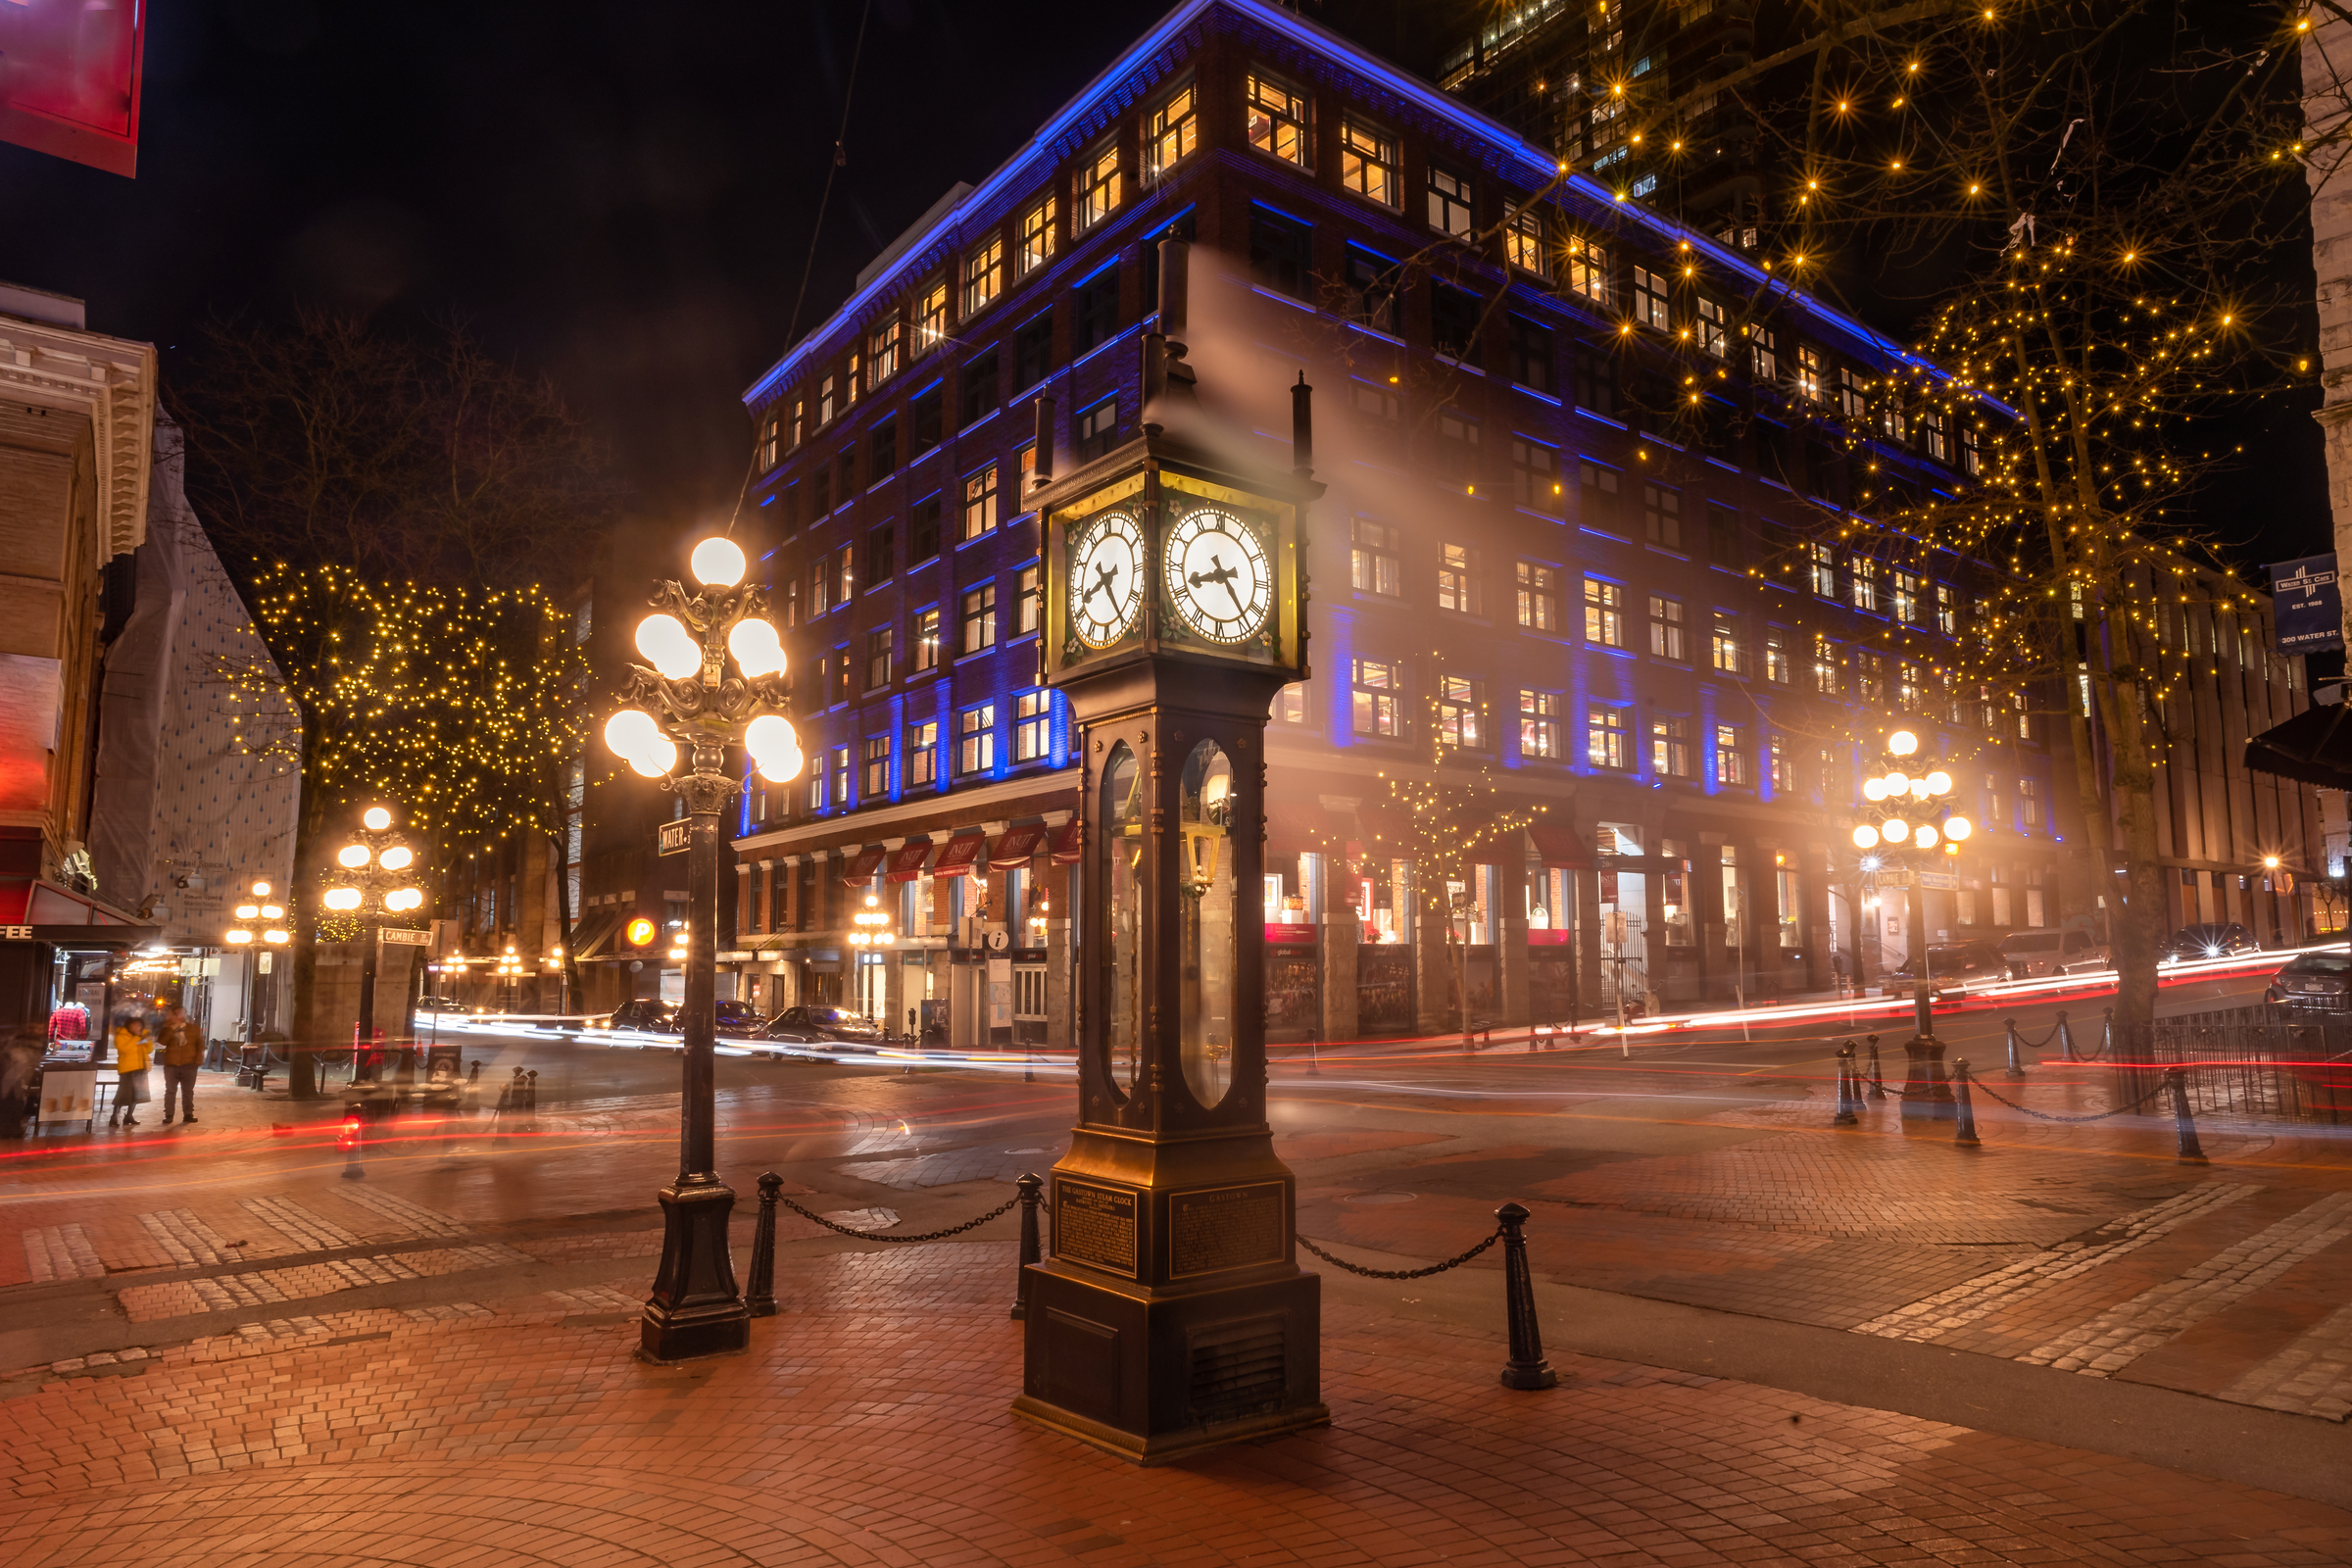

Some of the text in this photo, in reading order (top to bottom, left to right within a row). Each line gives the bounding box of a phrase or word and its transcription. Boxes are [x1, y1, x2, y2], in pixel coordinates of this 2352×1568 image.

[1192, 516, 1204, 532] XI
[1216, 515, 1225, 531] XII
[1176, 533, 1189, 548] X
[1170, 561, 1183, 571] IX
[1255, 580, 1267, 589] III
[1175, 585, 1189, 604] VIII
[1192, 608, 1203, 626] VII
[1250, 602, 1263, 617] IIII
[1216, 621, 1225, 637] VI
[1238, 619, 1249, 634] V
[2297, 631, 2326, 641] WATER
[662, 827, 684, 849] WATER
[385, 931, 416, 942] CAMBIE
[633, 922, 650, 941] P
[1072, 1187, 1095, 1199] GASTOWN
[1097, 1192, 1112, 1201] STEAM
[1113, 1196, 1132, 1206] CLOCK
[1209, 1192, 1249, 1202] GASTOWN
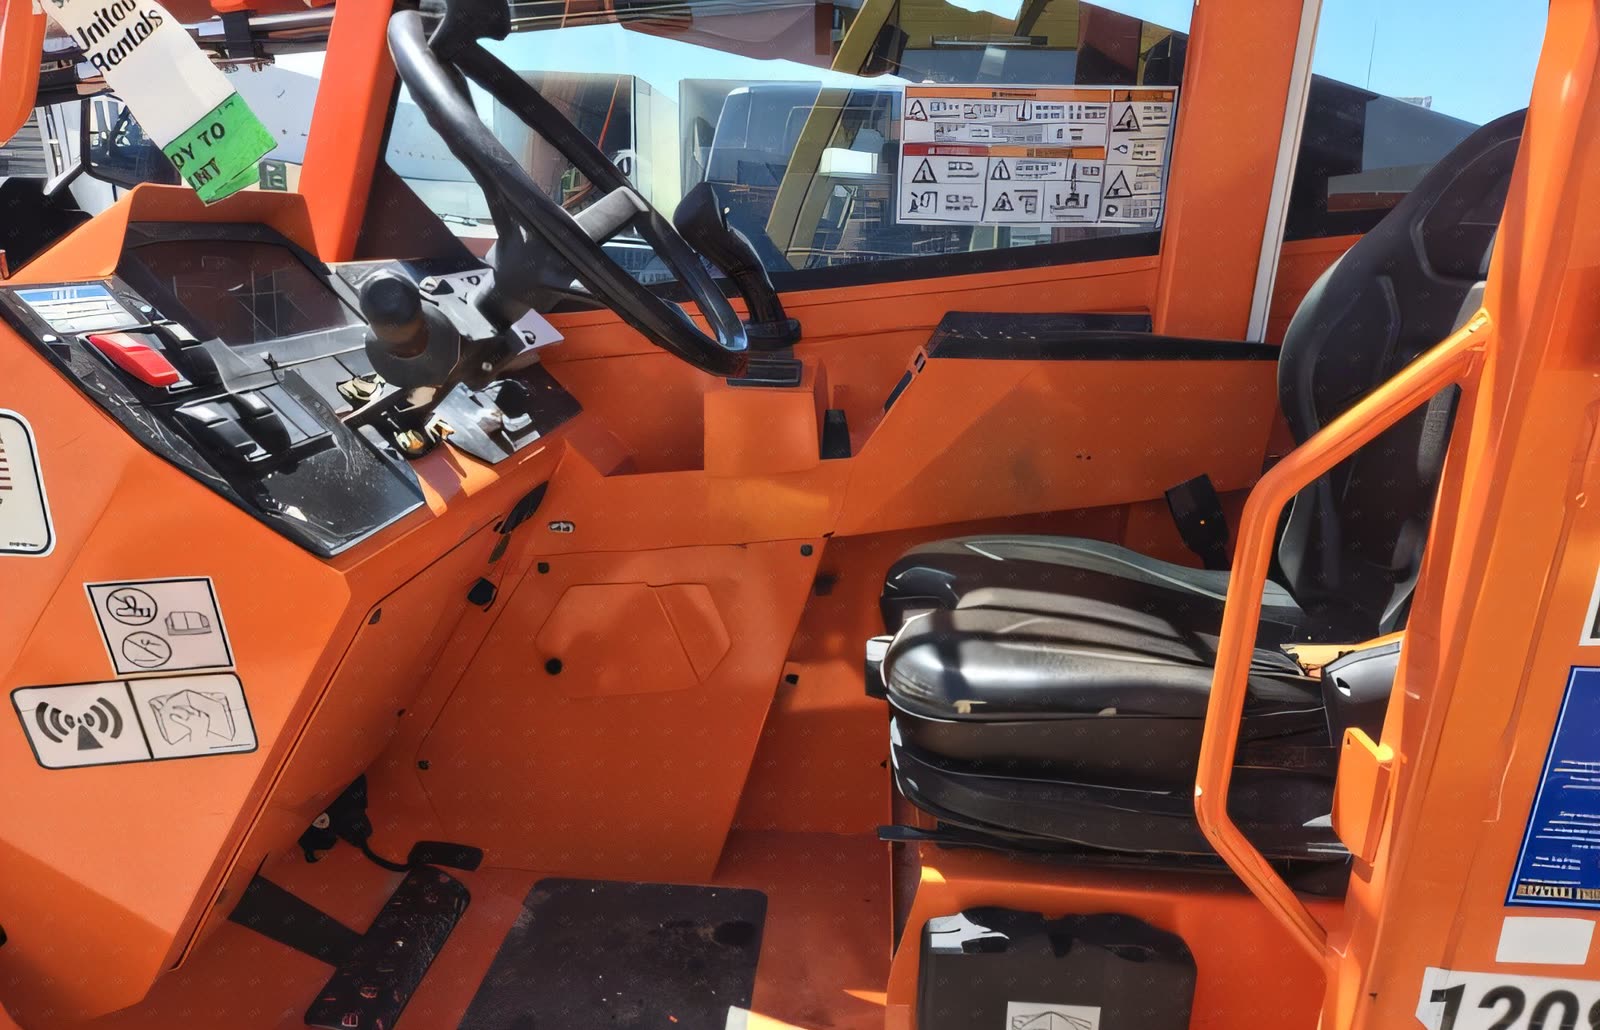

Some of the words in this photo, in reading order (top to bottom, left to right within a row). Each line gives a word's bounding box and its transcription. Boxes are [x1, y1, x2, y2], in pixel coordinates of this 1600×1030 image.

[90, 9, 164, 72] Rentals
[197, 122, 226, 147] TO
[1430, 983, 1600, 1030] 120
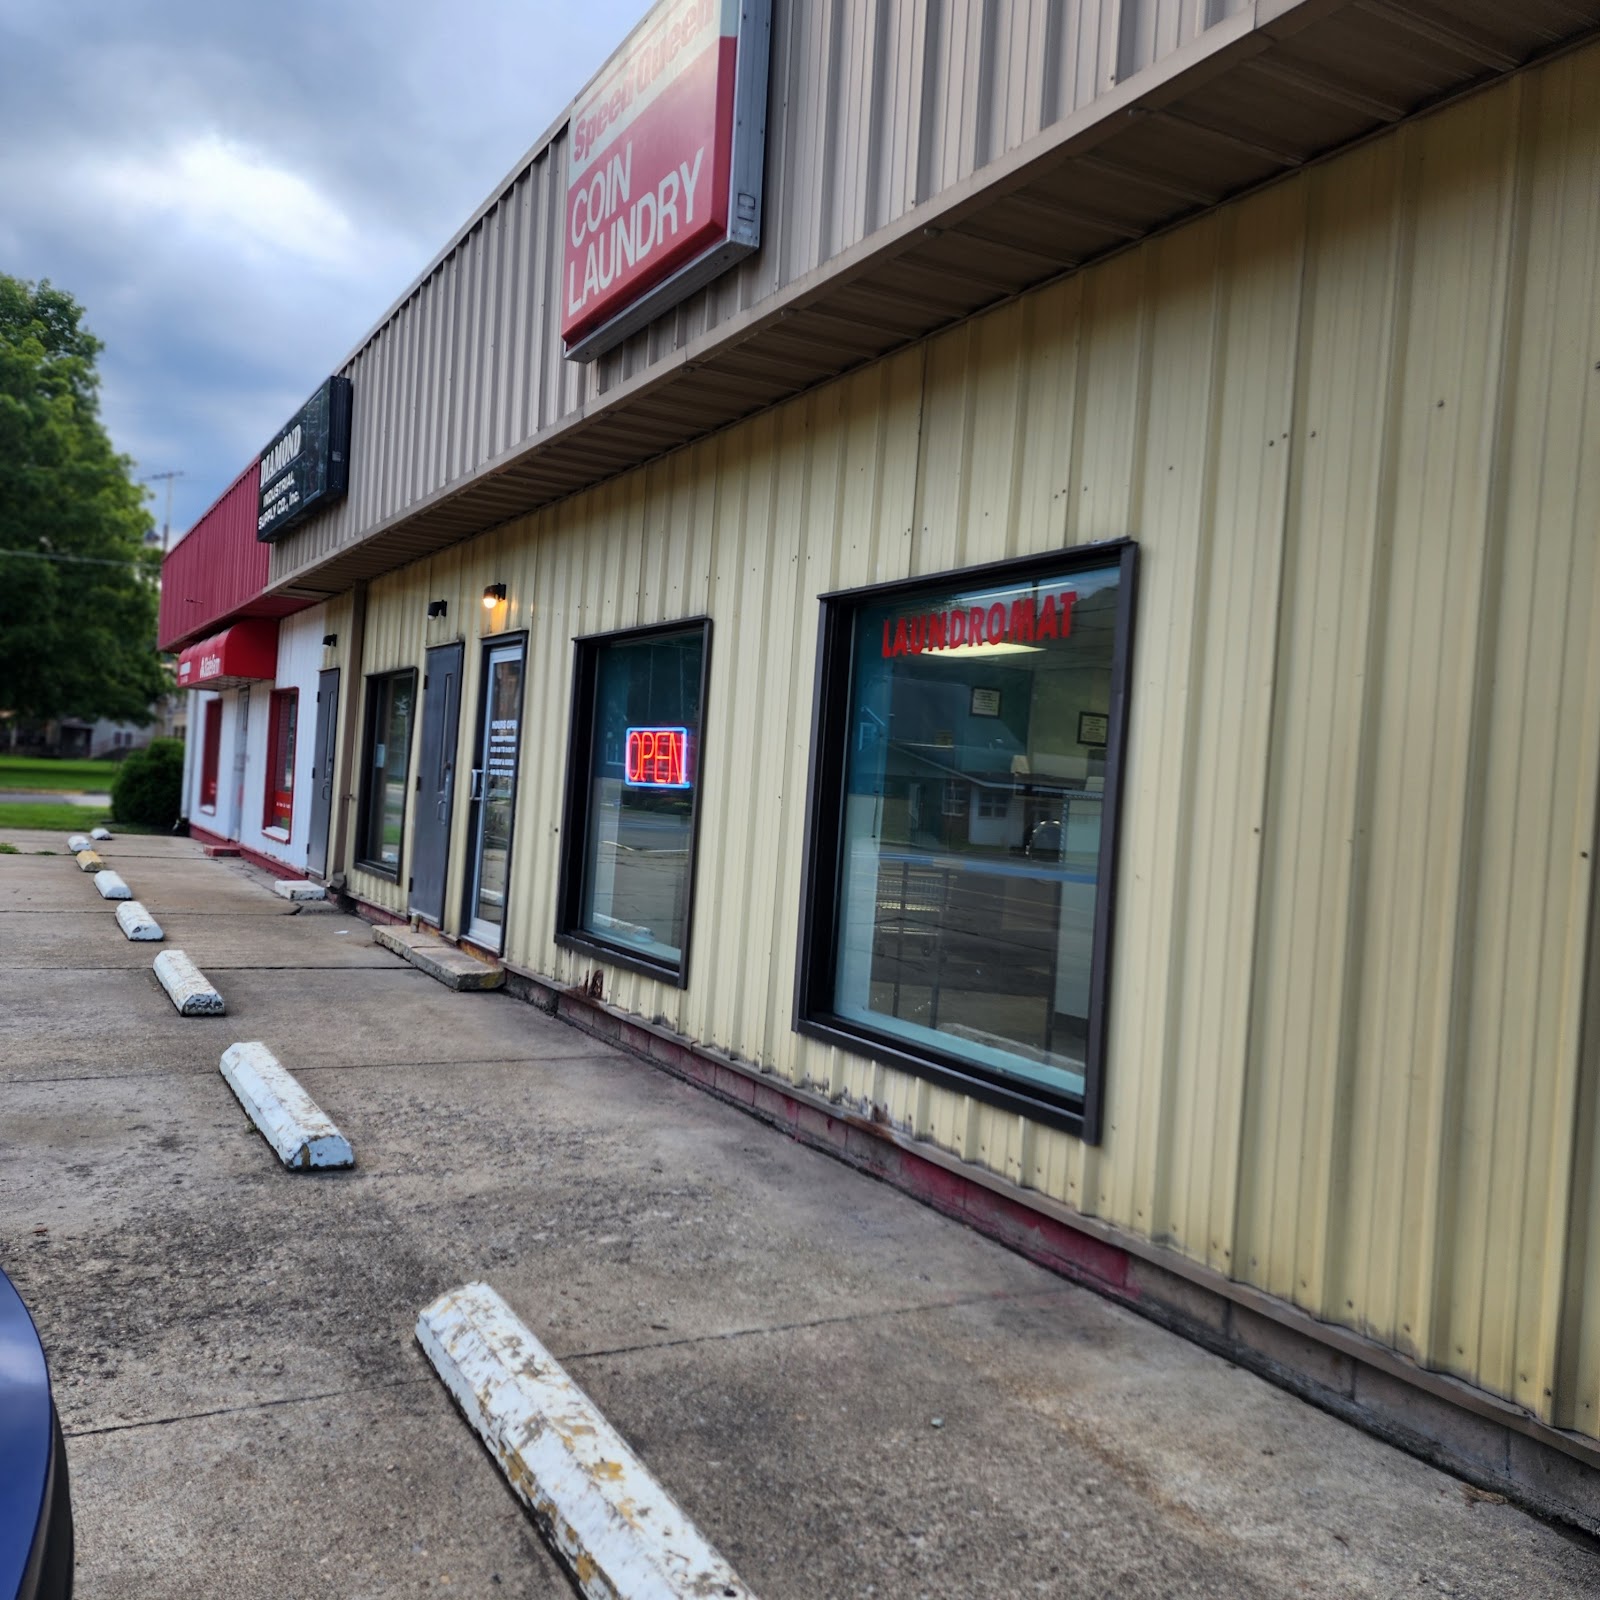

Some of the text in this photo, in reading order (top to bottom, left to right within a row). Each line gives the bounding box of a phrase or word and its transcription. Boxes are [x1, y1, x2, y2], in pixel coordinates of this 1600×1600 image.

##########

ASSIGNMENT:
Repeat the records above exactly, without any pictures.

SOLUTION BELOW:
Some of the text in this photo, in reading order (top to bottom, left to right within a row). Each line gives the bounding box of a phrase or word and its transcription. Boxes are [x1, y1, x2, y2], in pixel coordinates of this 2352×1568 image.

[1192, 516, 1204, 532] XI
[1216, 515, 1225, 531] XII
[1176, 533, 1189, 548] X
[1170, 561, 1183, 571] IX
[1255, 580, 1267, 589] III
[1175, 585, 1189, 604] VIII
[1192, 608, 1203, 626] VII
[1250, 602, 1263, 617] IIII
[1216, 621, 1225, 637] VI
[1238, 619, 1249, 634] V
[2297, 631, 2326, 641] WATER
[662, 827, 684, 849] WATER
[385, 931, 416, 942] CAMBIE
[633, 922, 650, 941] P
[1072, 1187, 1095, 1199] GASTOWN
[1097, 1192, 1112, 1201] STEAM
[1113, 1196, 1132, 1206] CLOCK
[1209, 1192, 1249, 1202] GASTOWN

Some of the words in this photo, in reading order (top to bottom, left to right within a row). Each line gives a word's bounding box and its transcription. Boxes are [x1, y1, x2, y2], in pixel coordinates of this 1600×1030 image.

[90, 9, 164, 72] Rentals
[197, 122, 226, 147] TO
[1430, 983, 1600, 1030] 120

Some of the text in this photo, in reading order (top to bottom, left to right within a row). Each line gives the bounding box of a phrase or word and its transcription. Boxes are [x1, y1, x2, y2], in pixel coordinates of this 1600×1600 image.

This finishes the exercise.